Sleep is our superpower! This event was part of our September 2023 Parent Like a Pro Summit, a series of expert events to help you feel more confident—and sleep better! Check out all the event recaps here.
About Dr. Rebecca Robbins:
Dr. Robbins is Assistant Professor in Medicine at Harvard Medical School and an Associate Scientist at the Brigham and Women’s Hospital. Her research uses marketing and novel communication tools and technologies (i.e., smartphones and other mobile devices) to design persuasive behavior change interventions to improve sleep and circadian health . In 2011, Dr. Robbins co-authored a book on techniques for how to get good sleep entitled Sleep for Success! with Dr. James B. Maas. Dr. Robbins’ research has appeared in the New York Times, the Financial Times, and Readers' Digest. She has appeared in National television segments for The Today Show, Live! With Kelly Ripa and Ryan Seacrest, Fox Business News, ABC Nightline, CNBC, and CBS This Morning. Dr. Robbins holds a Ph.D. in Communication and Health Marketing from Cornell University.

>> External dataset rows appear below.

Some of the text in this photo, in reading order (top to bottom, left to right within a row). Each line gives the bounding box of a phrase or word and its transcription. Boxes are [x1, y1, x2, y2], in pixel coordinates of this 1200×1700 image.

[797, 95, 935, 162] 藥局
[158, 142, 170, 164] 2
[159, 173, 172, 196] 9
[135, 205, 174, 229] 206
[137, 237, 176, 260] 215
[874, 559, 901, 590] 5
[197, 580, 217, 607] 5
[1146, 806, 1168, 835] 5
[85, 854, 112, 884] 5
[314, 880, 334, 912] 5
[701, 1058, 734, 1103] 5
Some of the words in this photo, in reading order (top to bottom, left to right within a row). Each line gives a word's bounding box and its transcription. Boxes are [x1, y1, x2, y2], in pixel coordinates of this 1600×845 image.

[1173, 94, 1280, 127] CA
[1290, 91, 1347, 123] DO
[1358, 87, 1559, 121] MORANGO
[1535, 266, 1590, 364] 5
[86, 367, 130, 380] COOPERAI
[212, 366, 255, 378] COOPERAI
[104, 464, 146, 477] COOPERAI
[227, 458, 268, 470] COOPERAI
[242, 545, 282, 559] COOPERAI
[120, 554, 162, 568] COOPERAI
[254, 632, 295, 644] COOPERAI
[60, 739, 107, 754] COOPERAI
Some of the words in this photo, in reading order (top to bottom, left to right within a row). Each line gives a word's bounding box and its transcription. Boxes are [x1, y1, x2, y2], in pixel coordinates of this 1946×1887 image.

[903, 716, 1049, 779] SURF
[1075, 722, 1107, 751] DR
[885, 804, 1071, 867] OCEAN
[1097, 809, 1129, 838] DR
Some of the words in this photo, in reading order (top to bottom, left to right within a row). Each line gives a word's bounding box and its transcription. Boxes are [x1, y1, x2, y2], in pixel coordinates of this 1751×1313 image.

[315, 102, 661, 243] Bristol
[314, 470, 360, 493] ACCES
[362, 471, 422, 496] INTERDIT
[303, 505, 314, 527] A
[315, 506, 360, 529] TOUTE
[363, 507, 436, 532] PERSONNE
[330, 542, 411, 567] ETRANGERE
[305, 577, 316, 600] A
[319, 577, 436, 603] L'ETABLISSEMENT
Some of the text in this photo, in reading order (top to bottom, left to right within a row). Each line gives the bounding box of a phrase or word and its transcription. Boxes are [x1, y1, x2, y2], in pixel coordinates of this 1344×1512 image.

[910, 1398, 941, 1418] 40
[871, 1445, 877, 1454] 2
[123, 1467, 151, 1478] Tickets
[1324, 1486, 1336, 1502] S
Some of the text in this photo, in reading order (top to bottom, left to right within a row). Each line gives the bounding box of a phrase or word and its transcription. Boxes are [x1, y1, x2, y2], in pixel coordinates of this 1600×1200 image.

About Dr. Natalie Barnett:
Dr. Barnett serves as VP of Clinical Research at Nanit. Natalie initiated sleep research collaborations at Nanit and in her current role, Natalie oversees collaborations with researchers at hospitals and universities around the world who use the Nanit camera to better understand pediatric sleep and leads the internal sleep and development research programs at Nanit. Natalie holds a Ph.D. in Genetics from the University of New England in Australia and a Postgraduate Certificate in Pediatric Sleep Science from the University of Western Australia. Natalie was an Assistant Professor in the Neurogenetics Unit at NYU School of Medicine prior to joining Nanit. Natalie is also the voice of Nanit's science-backed, personalized sleep tips delivered to users throughout their baby's first few years.